| lists.openwall.net | lists / announce owl-users owl-dev john-users john-dev passwdqc-users yescrypt popa3d-users / oss-security kernel-hardening musl sabotage tlsify passwords / crypt-dev xvendor / Bugtraq Full-Disclosure linux-kernel linux-netdev linux-ext4 linux-hardening linux-cve-announce PHC | |
|
Open Source and information security mailing list archives
| ||
|
Date: Fri, 22 Mar 2024 08:32:26 -0700
From: Boqun Feng <boqun.feng@...il.com>
To: Alice Ryhl <aliceryhl@...gle.com>
Cc: benno.lossin@...ton.me, a.hindborg@...sung.com, alex.gaynor@...il.com,
bjorn3_gh@...tonmail.com, gary@...yguo.net, jstultz@...gle.com,
linux-kernel@...r.kernel.org, ojeda@...nel.org,
rust-for-linux@...r.kernel.org, sboyd@...nel.org,
tglx@...utronix.de, wedsonaf@...il.com, lina@...hilina.net,
heghedus.razvan@...tonmail.com
Subject: Re: [PATCH v2] rust: time: add Ktime
On Fri, Mar 22, 2024 at 10:18:02AM +0000, Alice Ryhl wrote:
> Benno Lossin <benno.lossin@...ton.me> wrote:
> > On 3/22/24 09:59, Alice Ryhl wrote:
> >> +/// Returns the number of milliseconds between two ktimes.
> >> +#[inline]
> >> +pub fn ktime_ms_delta(later: Ktime, earlier: Ktime) -> i64 {
> >> + (later - earlier).to_ms()
> >> +}
> >
> > Is there a reason for this function being standalone?
>
> I think for a Rust time API, we should make one of two choices:
>
> * Match the C ktime_t API as closely as possible.
> * Match the Rust standard library std::time API as closely as possible.
>
> This patchset has made the former choice, and that is why I went with
> this design.
>
> In the future it could make sense to add a more "Rusty" API, but even
> then I think it could make sense to have both and implement the latter
> in terms of the former.

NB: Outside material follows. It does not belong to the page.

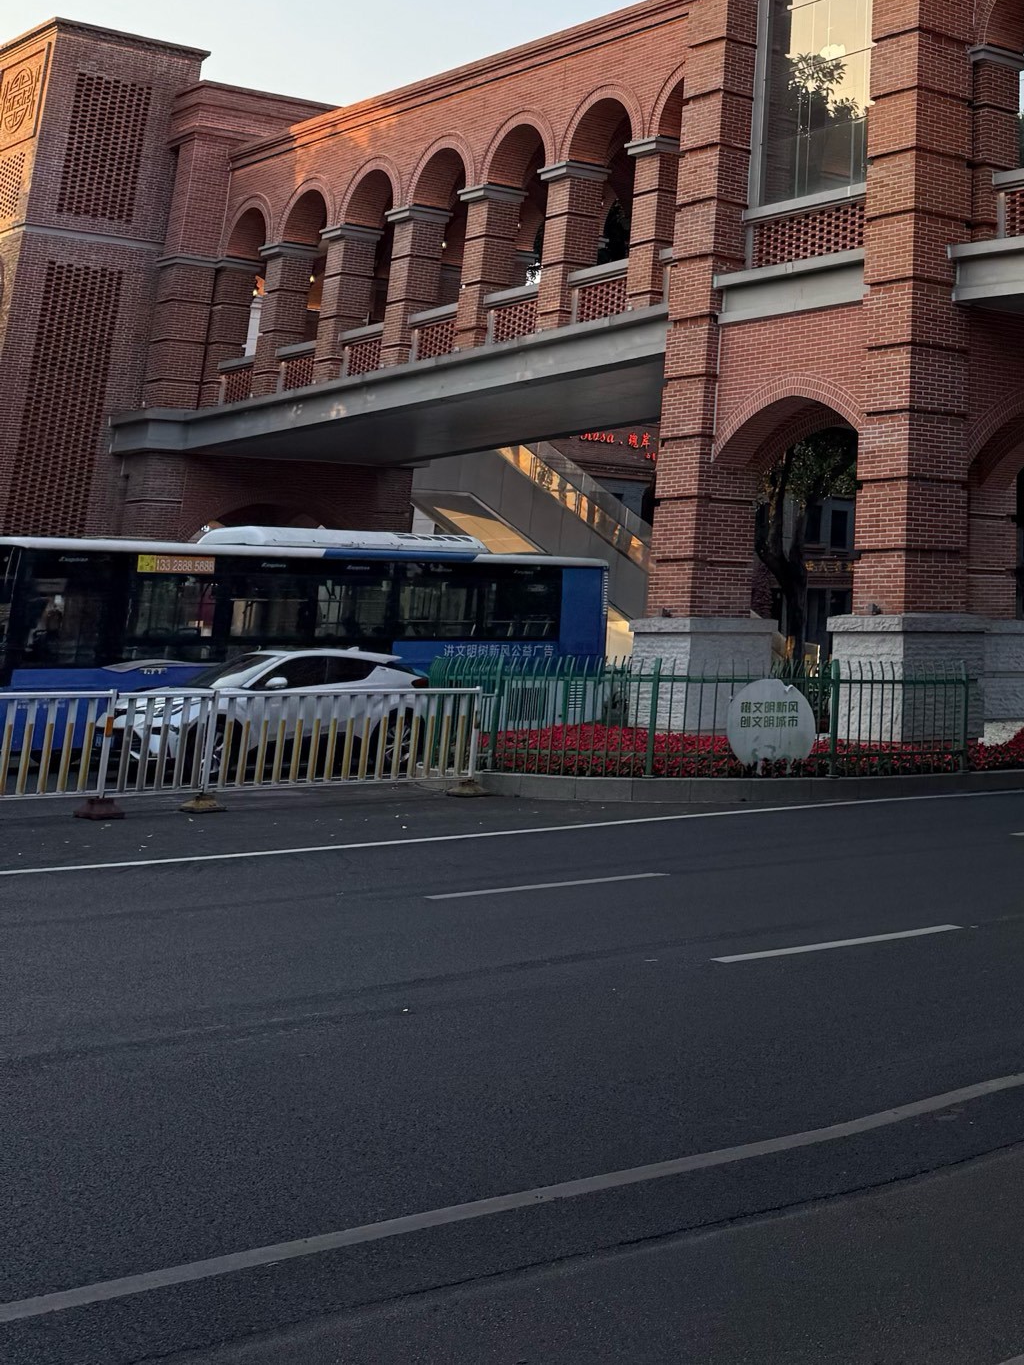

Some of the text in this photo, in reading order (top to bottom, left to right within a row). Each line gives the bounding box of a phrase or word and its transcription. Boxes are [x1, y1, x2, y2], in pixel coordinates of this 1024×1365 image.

[443, 643, 555, 657] 讲文明树新风公益广告
[740, 715, 799, 728] 创文明城市
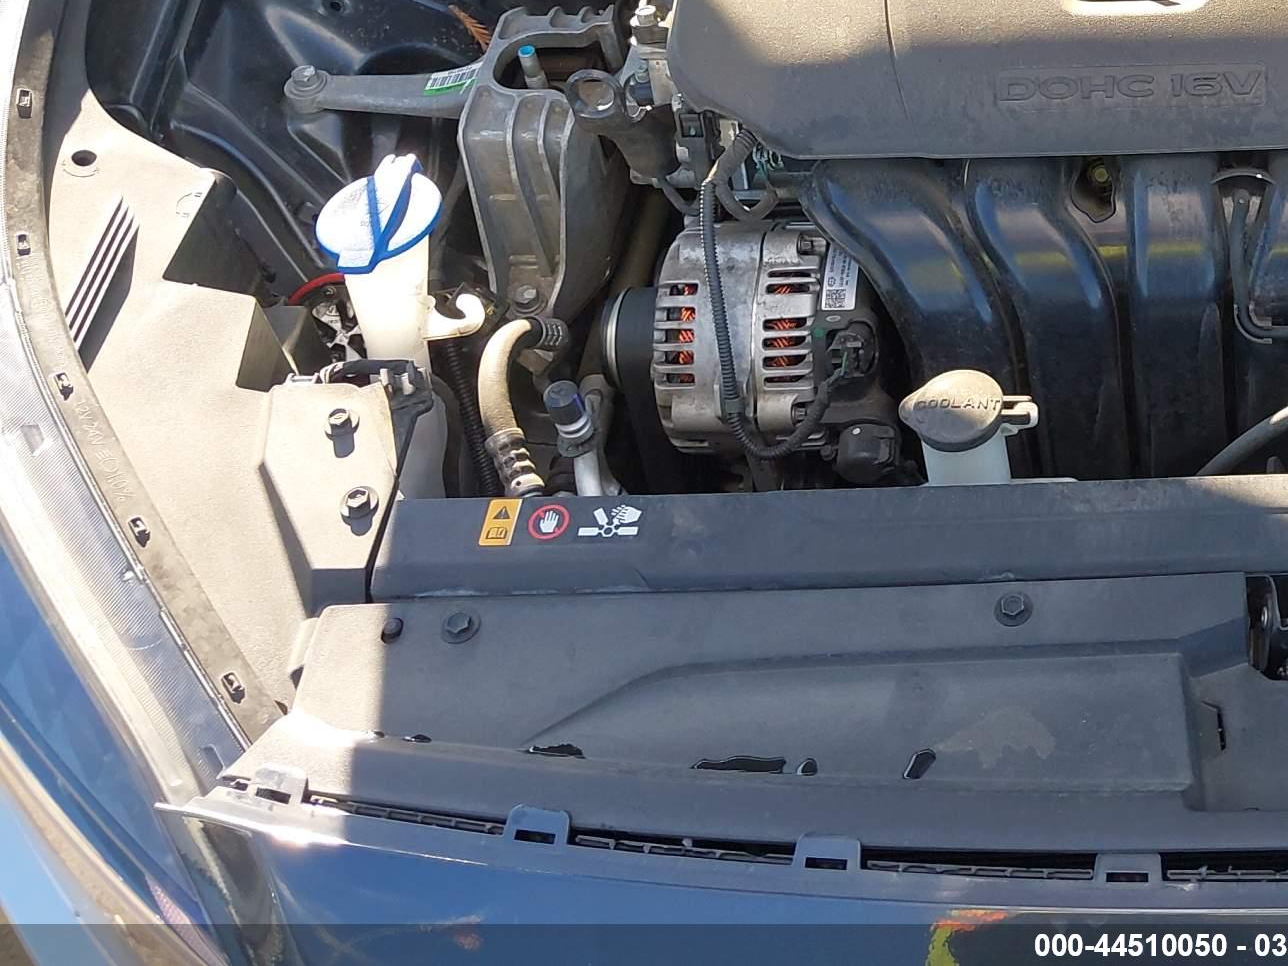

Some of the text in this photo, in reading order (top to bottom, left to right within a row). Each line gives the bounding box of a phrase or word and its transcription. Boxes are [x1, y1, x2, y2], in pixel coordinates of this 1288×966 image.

That way, only the API that closely matches the
> C ktime_t API needs to concern itself with unsafely calling into C.
>
So I create the following one based on this patch and the previous we
have. I changed the title a bit, did a s/Ktime/KTime and add the part of
`Instant`, please take a look, I think the binder usage is still
covered.
Benno, I dropped your Reviewed-by since the patch has been changed.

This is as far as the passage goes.